Prompt. Write out each entry below exactly. Do not include the images.

Material provided Block Start

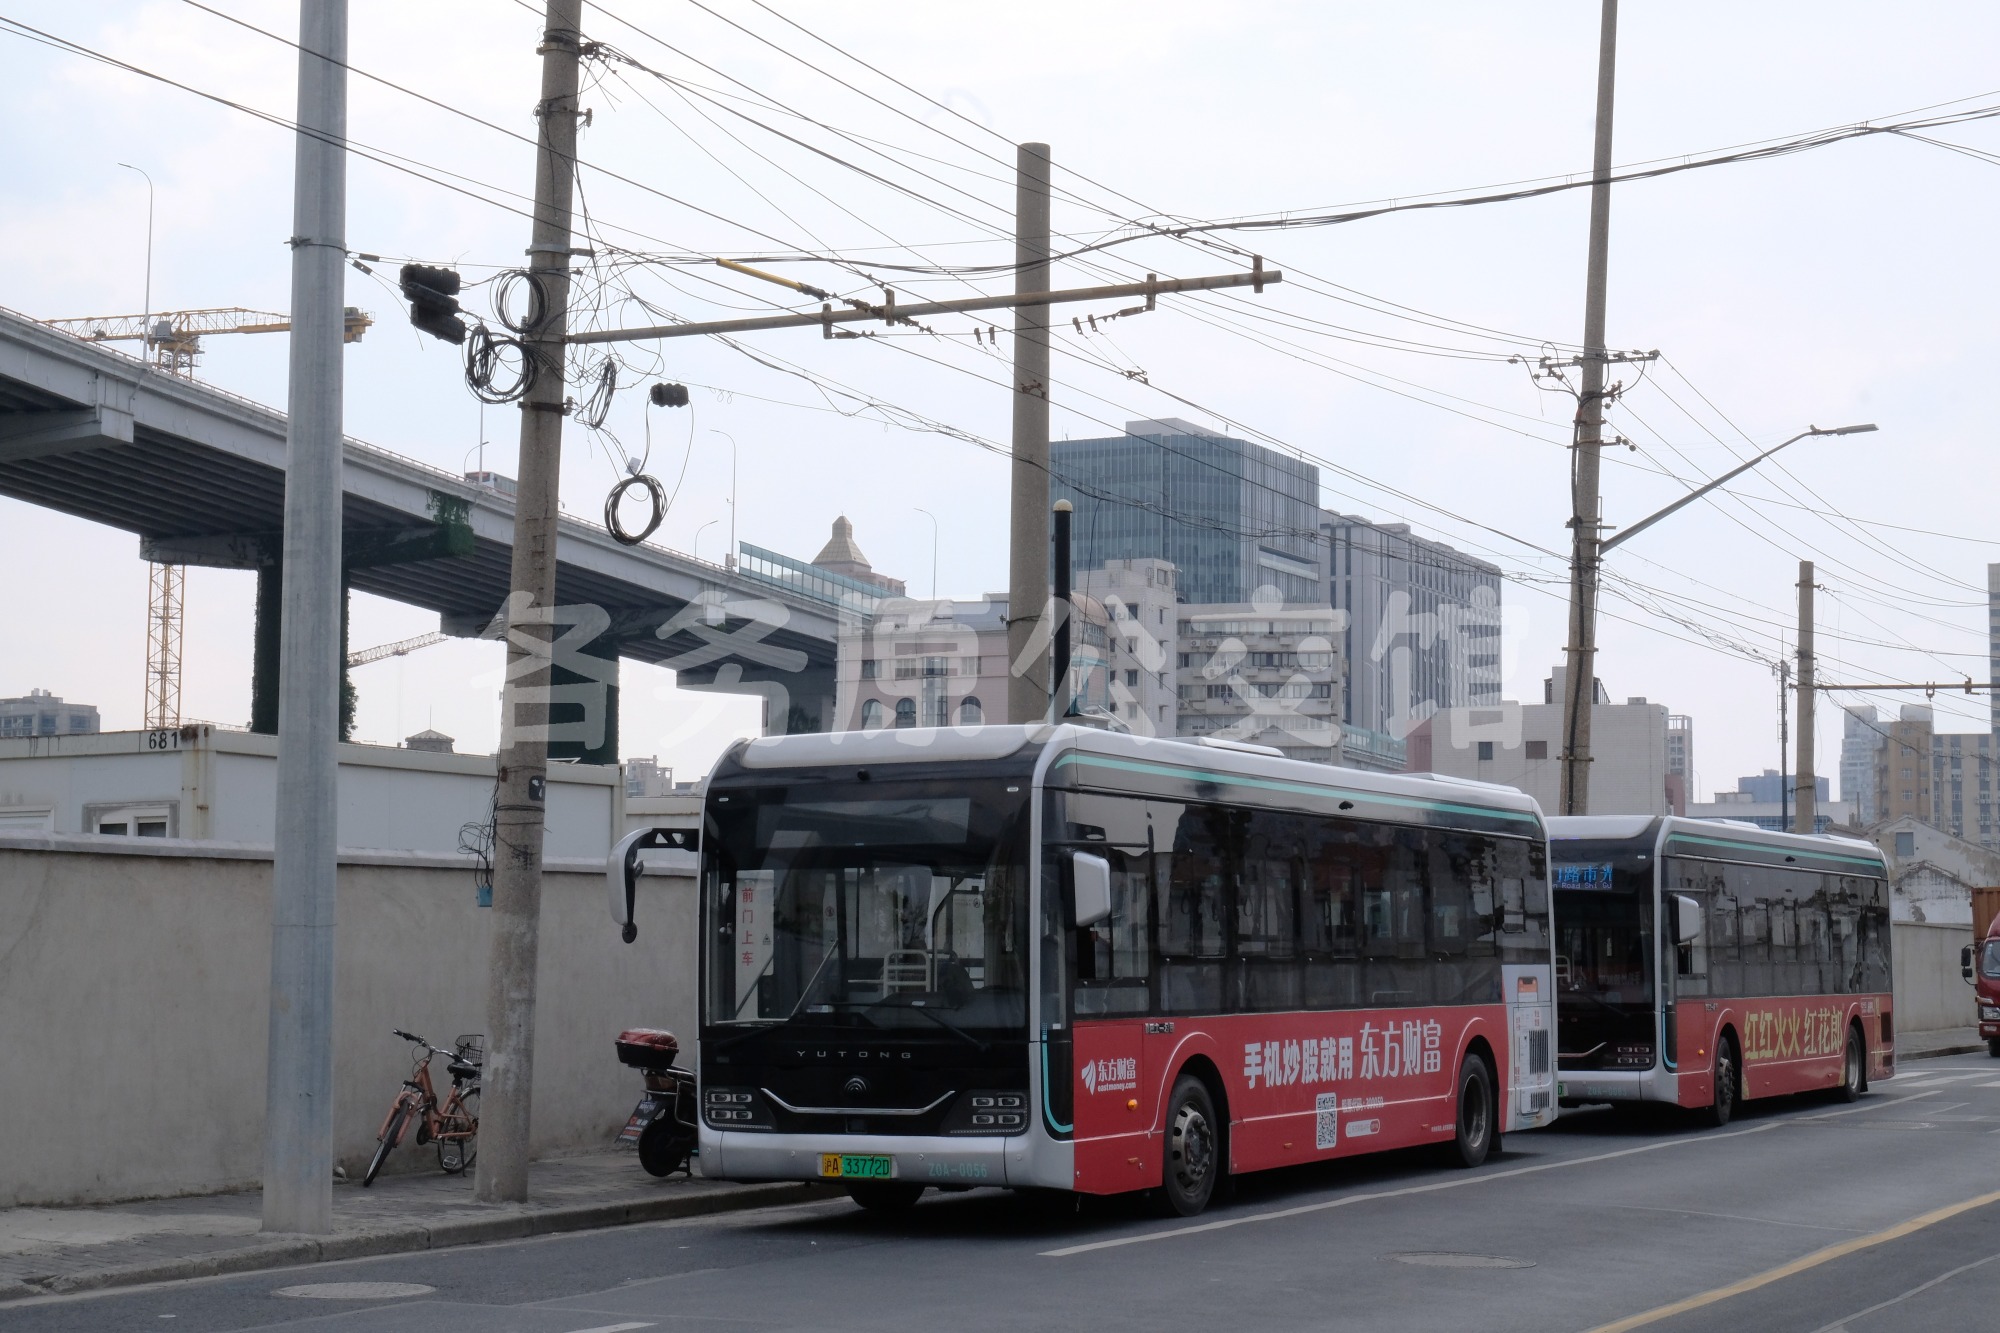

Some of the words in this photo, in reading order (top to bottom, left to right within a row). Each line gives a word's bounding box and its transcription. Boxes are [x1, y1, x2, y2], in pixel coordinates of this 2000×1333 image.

[148, 731, 178, 750] 681
[741, 887, 754, 967] 前门上车
[1743, 1007, 1801, 1060] 红红火火
[1803, 1005, 1843, 1057] 红花郎
[796, 1050, 911, 1059] YUTONG
[1243, 1036, 1353, 1090] 手机炒股就用
[1359, 1018, 1442, 1081] 东方财富
[1097, 1057, 1136, 1082] 东方财富
[1097, 1081, 1137, 1092] eastmoney.com
[824, 1157, 839, 1174] 沪A
[845, 1157, 890, 1176] 33772D
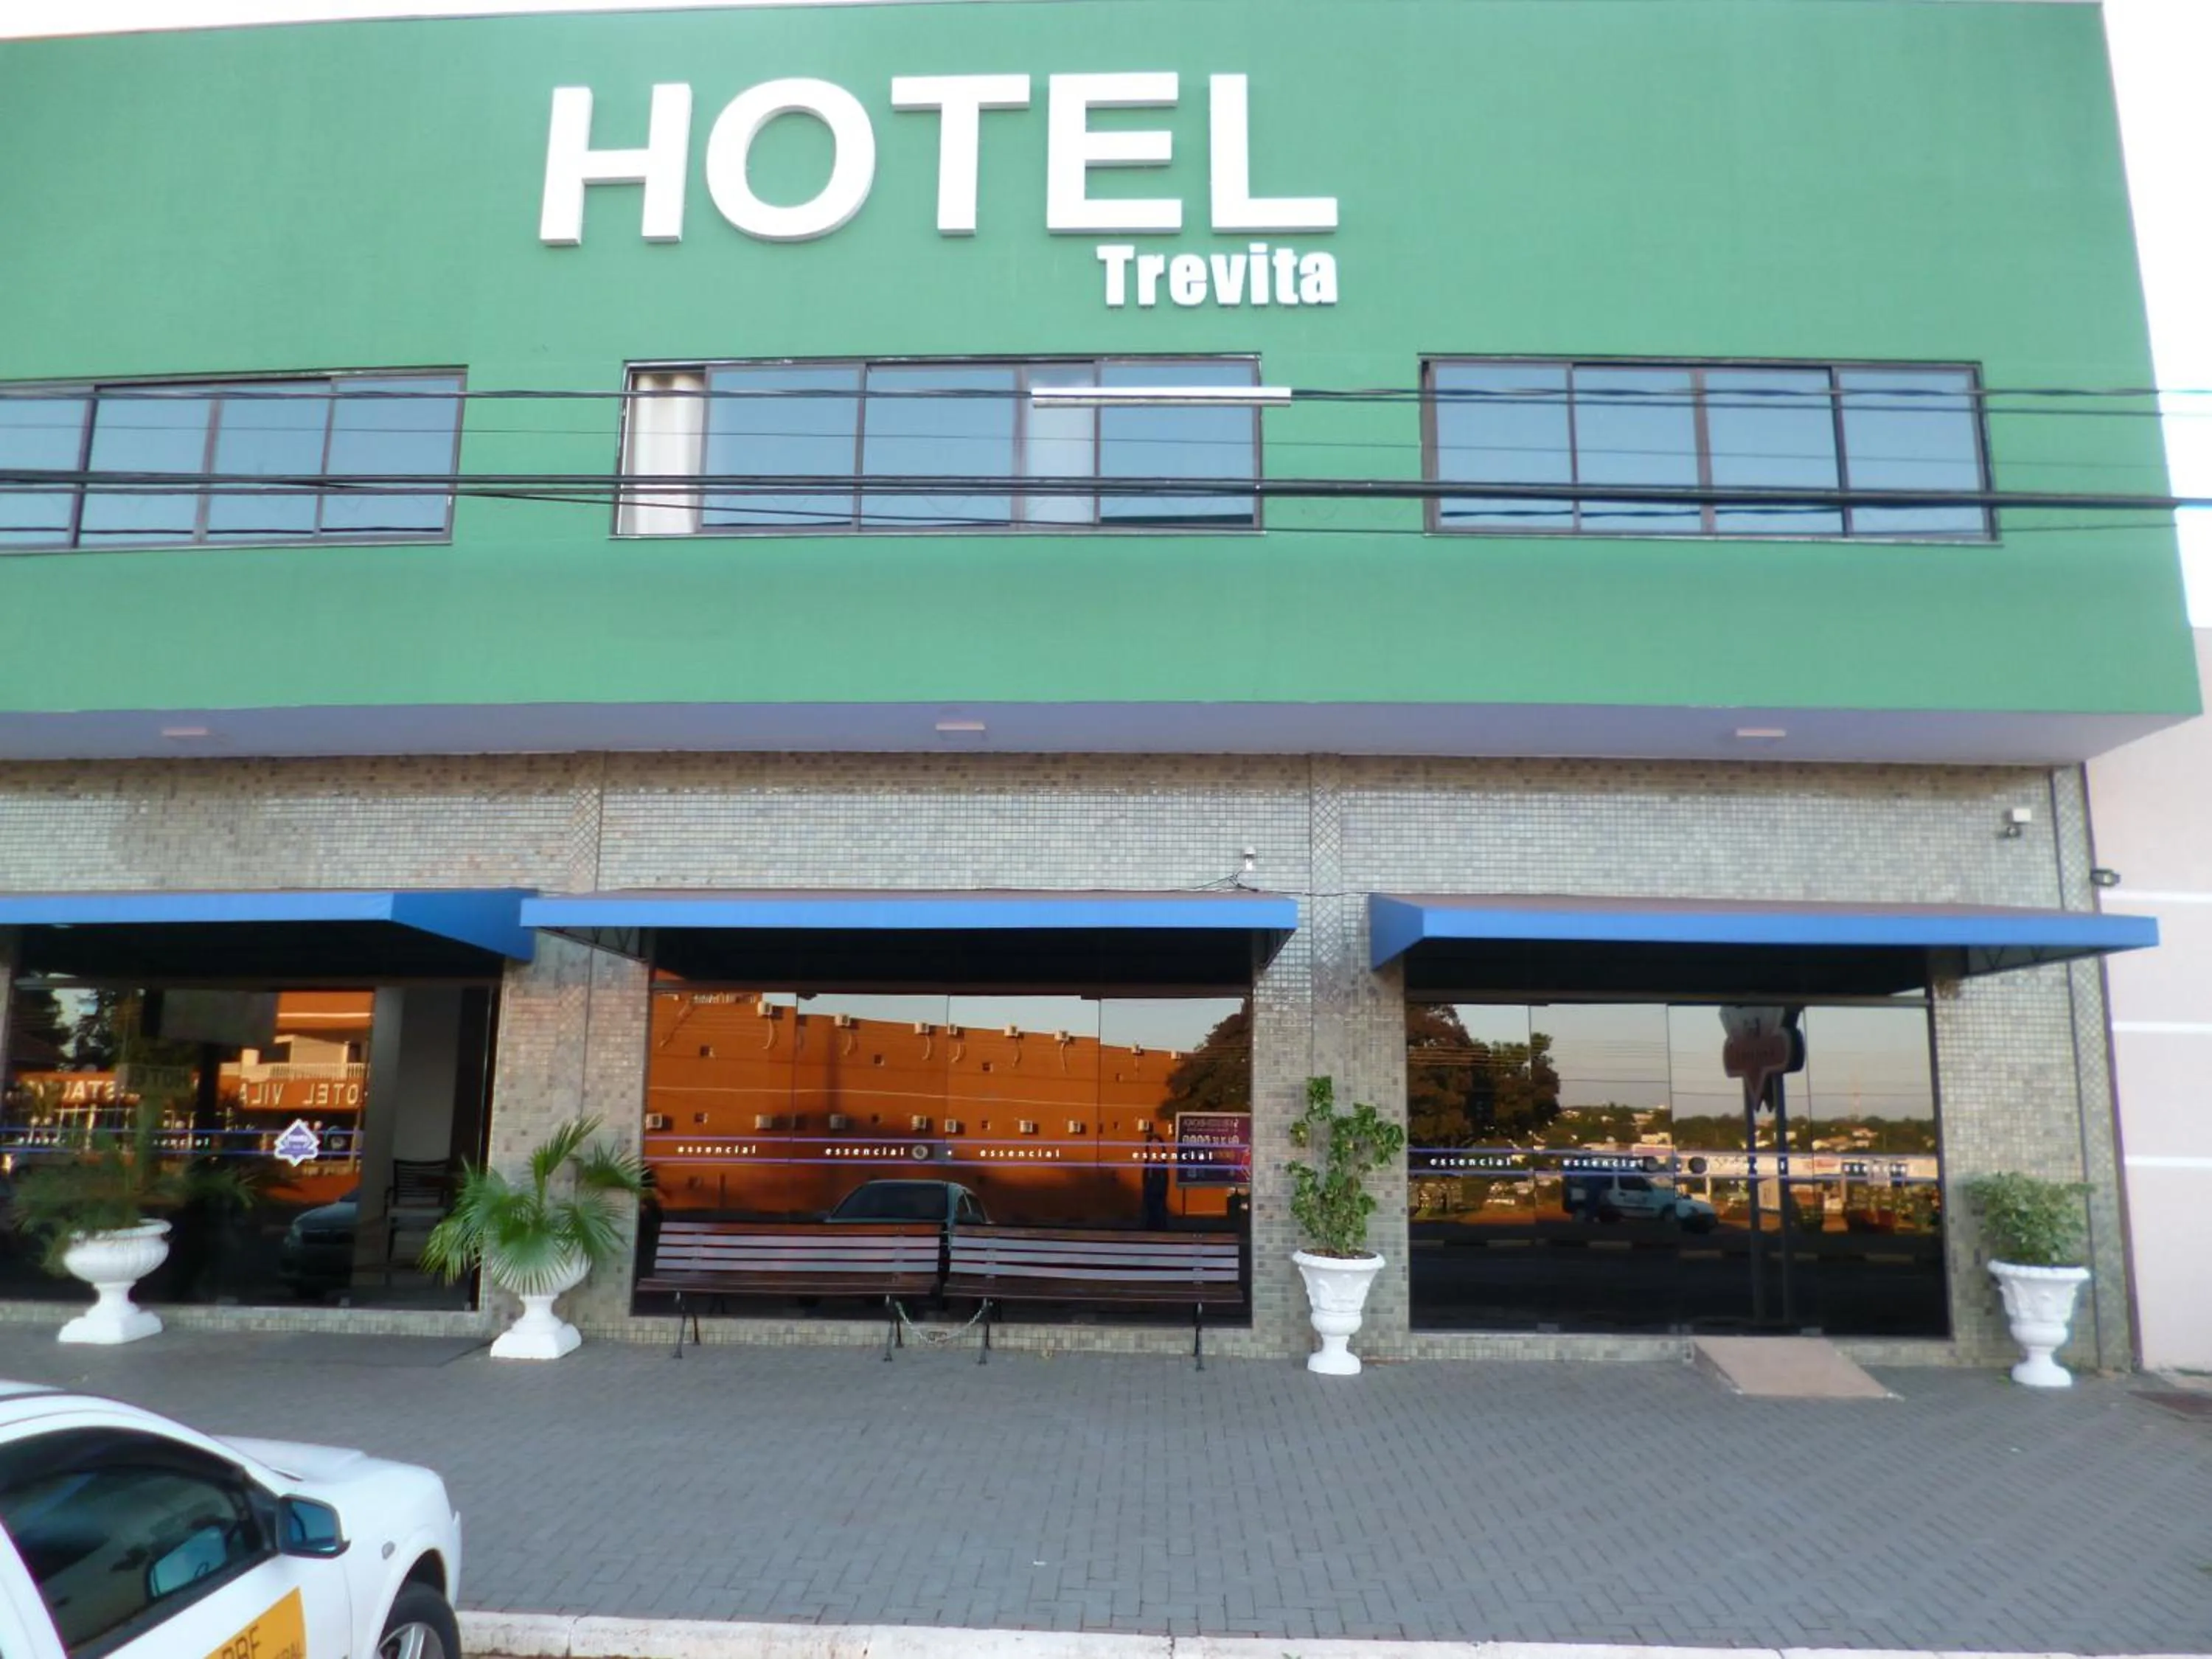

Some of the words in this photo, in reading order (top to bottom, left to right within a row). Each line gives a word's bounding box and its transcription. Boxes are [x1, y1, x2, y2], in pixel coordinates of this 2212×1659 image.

[539, 72, 1338, 246] HOTEL
[1096, 242, 1338, 307] Trevita
[678, 1145, 756, 1154] essencial
[825, 1147, 904, 1155] essencial
[980, 1149, 1060, 1158] essencial
[1132, 1151, 1213, 1160] essencial
[1430, 1157, 1511, 1166] essencial
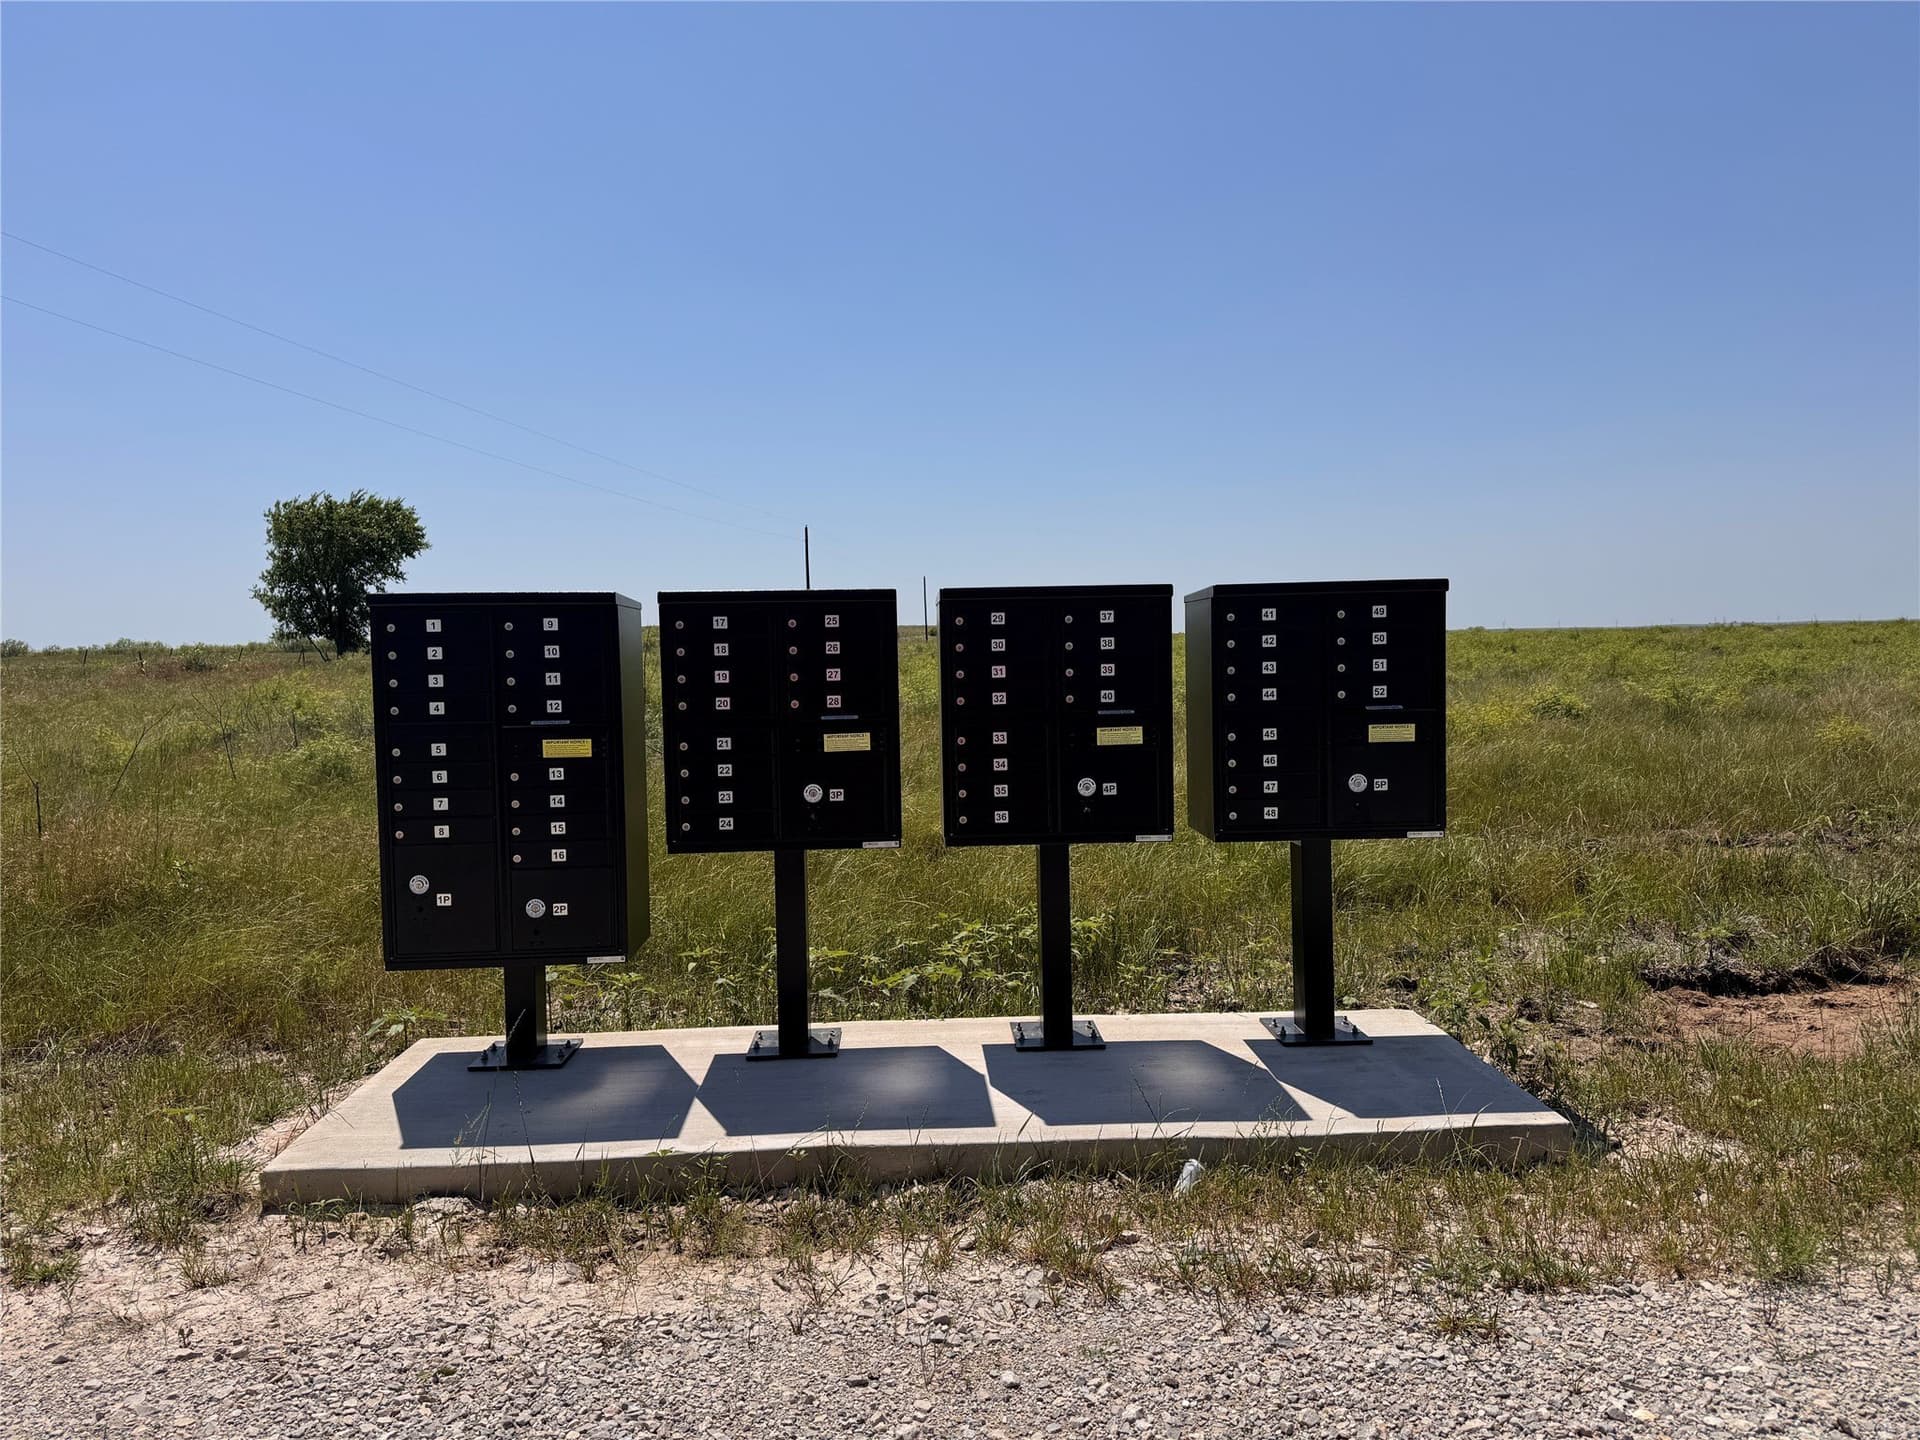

Material provided Block End

Output of the task.
Some of the words in this photo, in reading order (top to bottom, left to right within a row). Each line gives a word's bounding box and its transcription. Boxes are [x1, y1, x2, y2], in pixel coordinates of this 2000×1333 image.

[148, 731, 178, 750] 681
[741, 887, 754, 967] 前门上车
[1743, 1007, 1801, 1060] 红红火火
[1803, 1005, 1843, 1057] 红花郎
[796, 1050, 911, 1059] YUTONG
[1243, 1036, 1353, 1090] 手机炒股就用
[1359, 1018, 1442, 1081] 东方财富
[1097, 1057, 1136, 1082] 东方财富
[1097, 1081, 1137, 1092] eastmoney.com
[824, 1157, 839, 1174] 沪A
[845, 1157, 890, 1176] 33772D

Some of the words in this photo, in reading order (top to bottom, left to right within a row). Each line gives a word's bounding box and its transcription. Boxes are [x1, y1, x2, y2], in pixel coordinates of this 2212×1659 image.

[539, 72, 1338, 246] HOTEL
[1096, 242, 1338, 307] Trevita
[678, 1145, 756, 1154] essencial
[825, 1147, 904, 1155] essencial
[980, 1149, 1060, 1158] essencial
[1132, 1151, 1213, 1160] essencial
[1430, 1157, 1511, 1166] essencial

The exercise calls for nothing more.